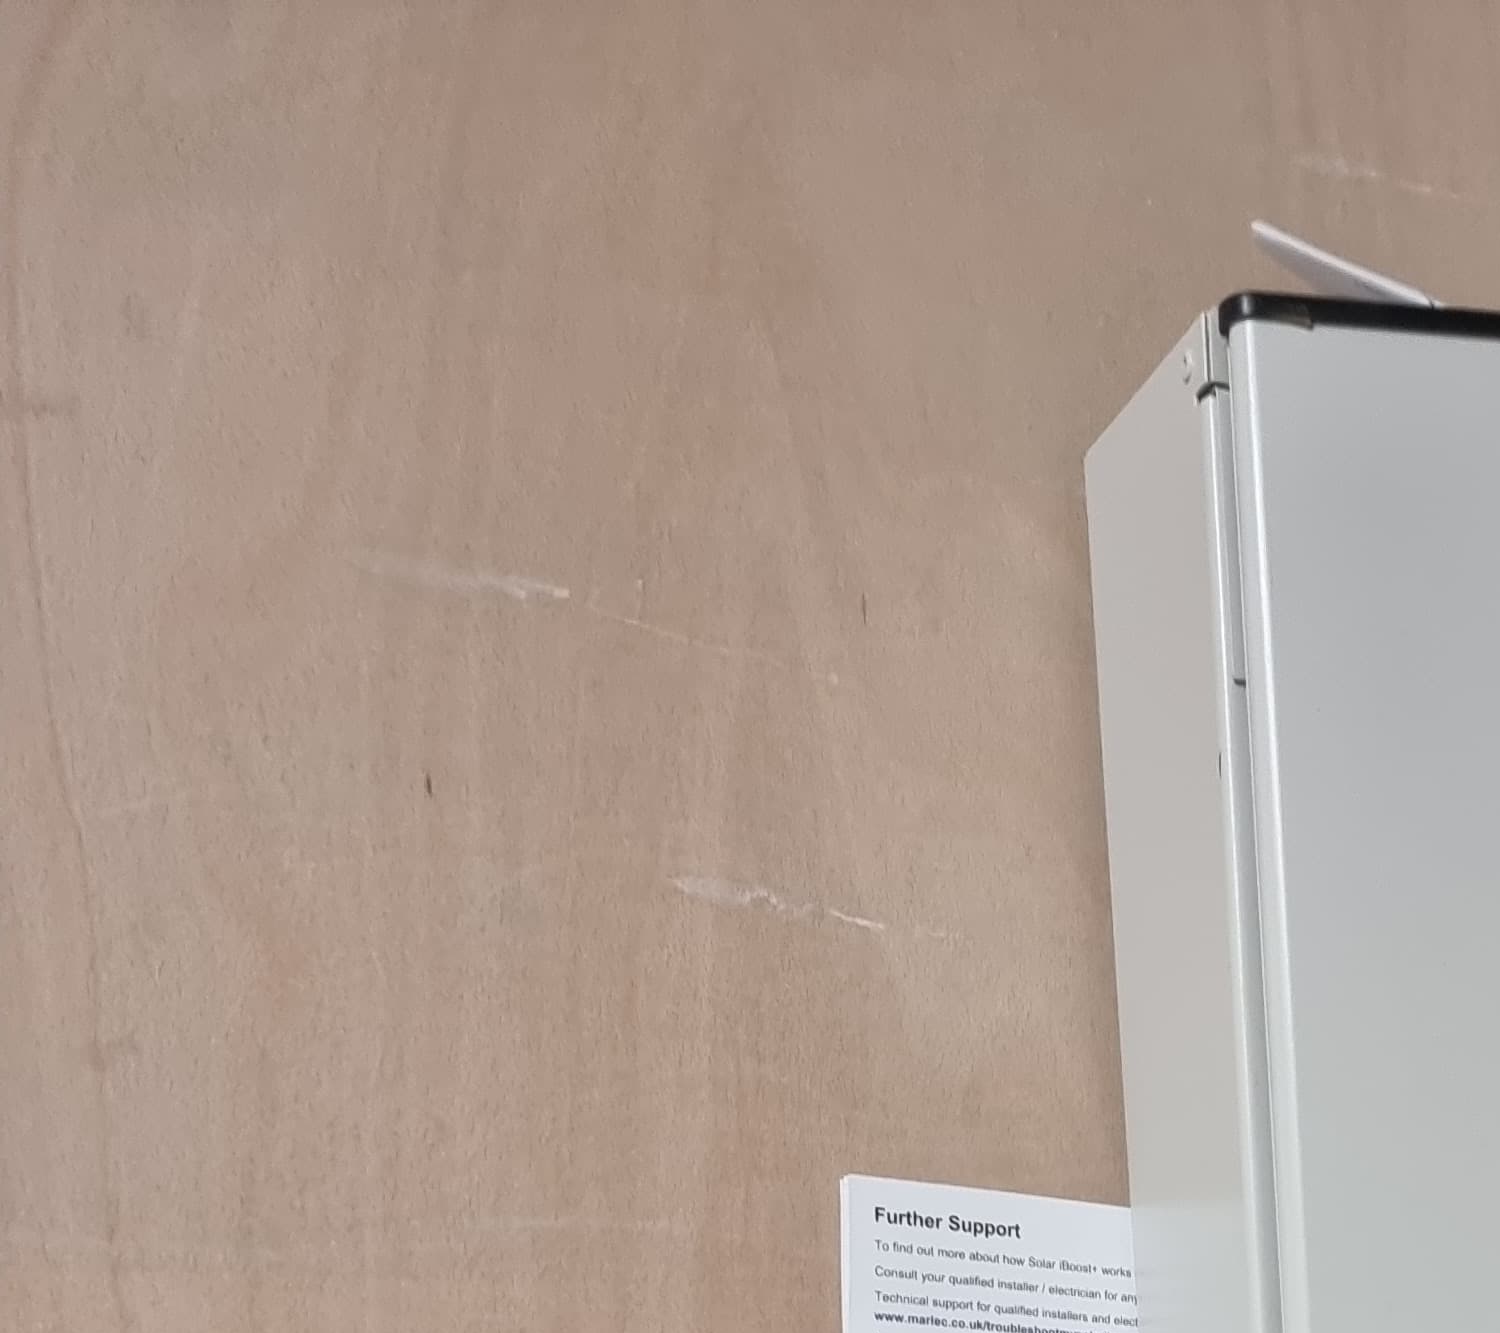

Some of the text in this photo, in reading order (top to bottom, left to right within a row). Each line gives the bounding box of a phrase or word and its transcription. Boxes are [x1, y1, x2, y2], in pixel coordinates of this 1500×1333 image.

[874, 1206, 1020, 1239] Further Support
[874, 1238, 889, 1251] To
[892, 1241, 913, 1254] find
[916, 1245, 934, 1256] out
[937, 1248, 965, 1259] more
[968, 1250, 999, 1264] about
[1002, 1254, 1025, 1266] how
[1028, 1255, 1055, 1269] Solar
[1101, 1266, 1131, 1278] works
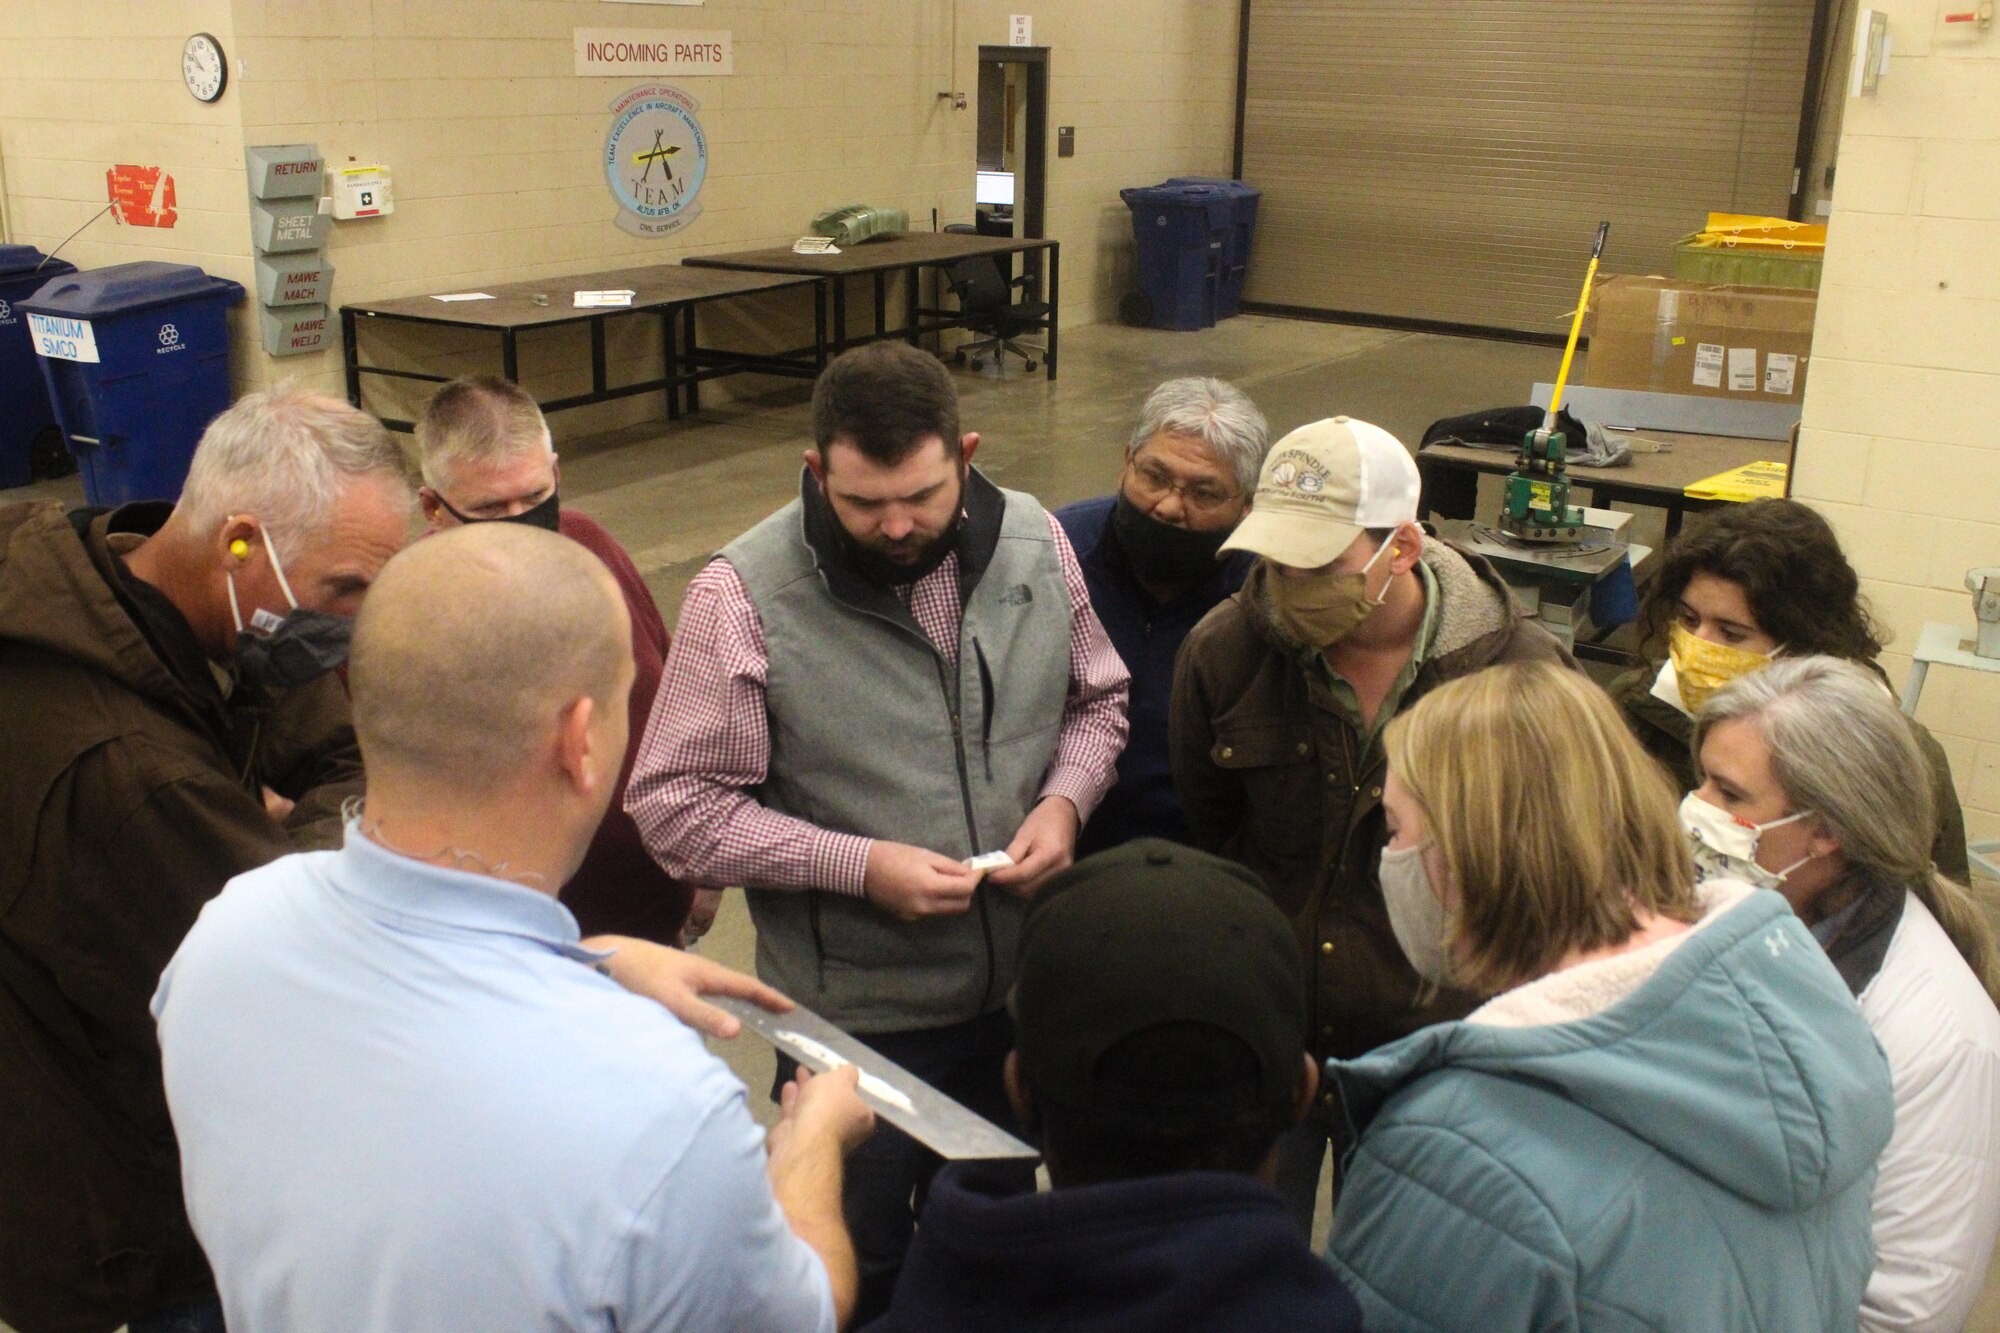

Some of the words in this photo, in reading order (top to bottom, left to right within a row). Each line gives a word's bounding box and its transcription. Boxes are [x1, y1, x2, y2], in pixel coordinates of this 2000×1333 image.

[1016, 16, 1025, 24] NOT
[1016, 36, 1026, 44] EXIT
[587, 42, 668, 63] INCOMING
[675, 44, 722, 63] PARTS
[614, 88, 657, 114] MAINTENANCE
[659, 88, 694, 110] OPERATIONS
[608, 144, 617, 165] TEAM
[614, 106, 645, 142] EXCELLENCE
[646, 102, 653, 110] IN
[655, 102, 683, 117] AIRCRAFT
[683, 114, 705, 159] MAINTENANCE
[275, 162, 318, 175] RETURN
[632, 176, 685, 205] TEAM
[636, 204, 655, 216] ALTUS
[673, 202, 681, 212] OK
[278, 215, 314, 228] SHEET
[640, 223, 654, 233] CIVIL
[656, 220, 681, 232] SERVICE
[277, 227, 313, 241] METAL
[287, 271, 321, 284] MAWE
[284, 288, 316, 301] MACH
[31, 314, 84, 339] TITANIUM
[293, 319, 326, 333] MAWE
[42, 337, 77, 359] SMCO
[291, 335, 321, 348] WELD
[156, 343, 186, 355] RECYCLE
[1288, 449, 1332, 480] SPINDLE

════════

Except for the pictures, write the data out exactly.

Some of the text in this photo, in reading order (top to bottom, left to right within a row). Each line gives the bounding box of a phrase or word and its transcription. Boxes are [x1, y1, x2, y2], in pixel coordinates of this 1500×1333 image.

[874, 1206, 1020, 1239] Further Support
[874, 1238, 889, 1251] To
[892, 1241, 913, 1254] find
[916, 1245, 934, 1256] out
[937, 1248, 965, 1259] more
[968, 1250, 999, 1264] about
[1002, 1254, 1025, 1266] how
[1028, 1255, 1055, 1269] Solar
[1101, 1266, 1131, 1278] works

Some of the words in this photo, in reading order (top to bottom, left to right within a row). Each line gives a word's bounding box and its transcription. Boxes are [x1, y1, x2, y2], in pixel coordinates of this 2000×1333 image.

[1016, 16, 1025, 24] NOT
[1016, 36, 1026, 44] EXIT
[587, 42, 668, 63] INCOMING
[675, 44, 722, 63] PARTS
[614, 88, 657, 114] MAINTENANCE
[659, 88, 694, 110] OPERATIONS
[608, 144, 617, 165] TEAM
[614, 106, 645, 142] EXCELLENCE
[646, 102, 653, 110] IN
[655, 102, 683, 117] AIRCRAFT
[683, 114, 705, 159] MAINTENANCE
[275, 162, 318, 175] RETURN
[632, 176, 685, 205] TEAM
[636, 204, 655, 216] ALTUS
[673, 202, 681, 212] OK
[278, 215, 314, 228] SHEET
[640, 223, 654, 233] CIVIL
[656, 220, 681, 232] SERVICE
[277, 227, 313, 241] METAL
[287, 271, 321, 284] MAWE
[284, 288, 316, 301] MACH
[31, 314, 84, 339] TITANIUM
[293, 319, 326, 333] MAWE
[42, 337, 77, 359] SMCO
[291, 335, 321, 348] WELD
[156, 343, 186, 355] RECYCLE
[1288, 449, 1332, 480] SPINDLE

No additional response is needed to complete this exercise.